W Baku miejscowe Igtisadchi pokonało 3:1 Omniczkę Omsk. Igtisadchi to drużyna, którą trudno nazwać azerską czy nawet europejską. Tworzą ją głównie reprezentantki... Tajlandii. Zawodniczki znane z udanych występów w World Grand Prix, wspierane przez Amerykankę Nancy Metcalf, nadspodziewanie łatwo poradziły sobie z rywalkami z Omska, choć w rosyjskiej drużynie uznanych nazwisk również nie brakuje. Wymienić wśród nich można choćby Natalię Mammadową czy Olgę Fatiejewą.
Igtisadchi Baku - Omiczka Omsk 3:1 (22:25, 25:11, 25:20, 25:17)
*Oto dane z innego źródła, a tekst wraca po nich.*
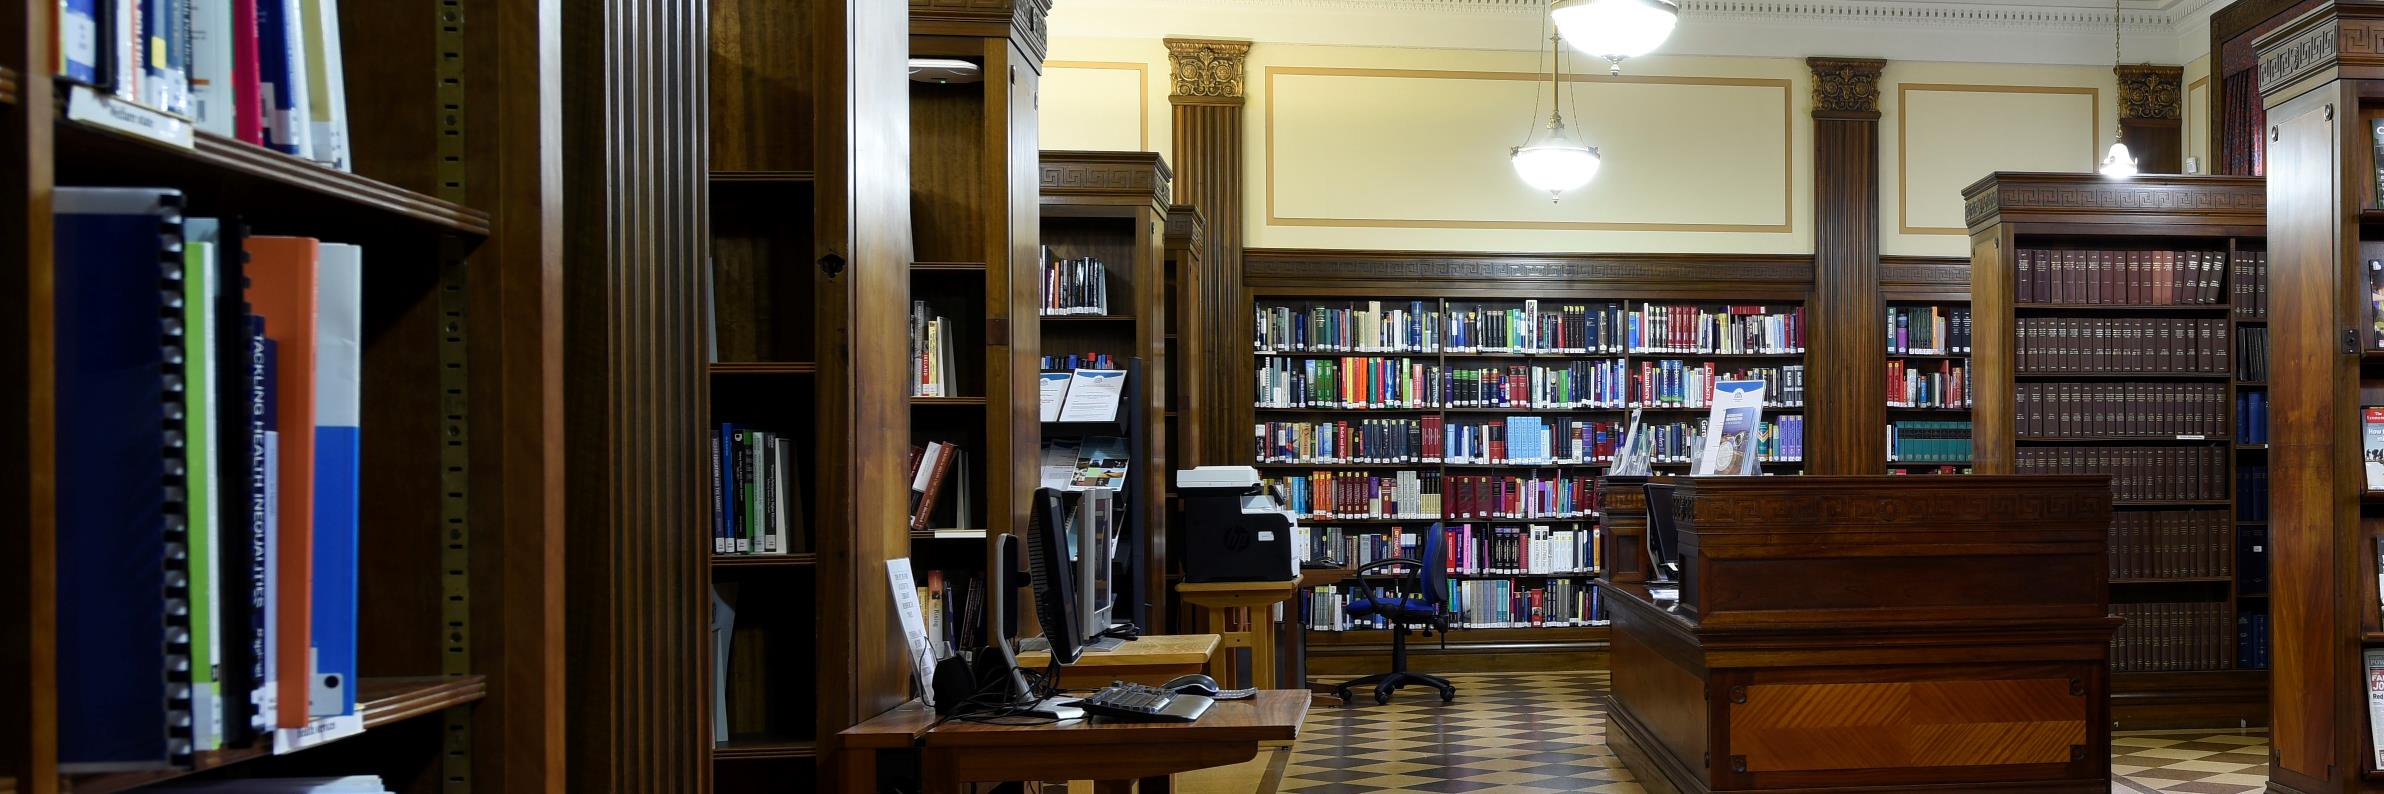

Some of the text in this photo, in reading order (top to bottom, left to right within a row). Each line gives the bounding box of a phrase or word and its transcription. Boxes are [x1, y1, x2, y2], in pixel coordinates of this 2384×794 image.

[252, 333, 266, 415] TACKLING
[252, 420, 266, 487] HEALTH
[252, 493, 266, 608] INEQUALITIES
W drugim z wtorkowych pojedynków próżno było szukać siatkarskich gwiazd. Mimo to zawodniczki austriackiego Askö BüroLeben Linz Steg i szwajcarskiego Sagres Neuchatel stworzyły kibicom ciekawe widowisko. Los każdego z setów rozstrzygał się w emocjonującej końcówce, a cała pięciosetowa batalia trwała ponad dwie i pół godziny. Ostatecznie zwycięsko wyszły z niej gospodynie i to one są minimalnie bliższe awansu do kolejnej rundy Pucharu CEV.
Askö BüroLeben Linz Steg - Sagres Neuchatel 3:2 (26:24, 24:26, 25:23, 23:25, 19:17)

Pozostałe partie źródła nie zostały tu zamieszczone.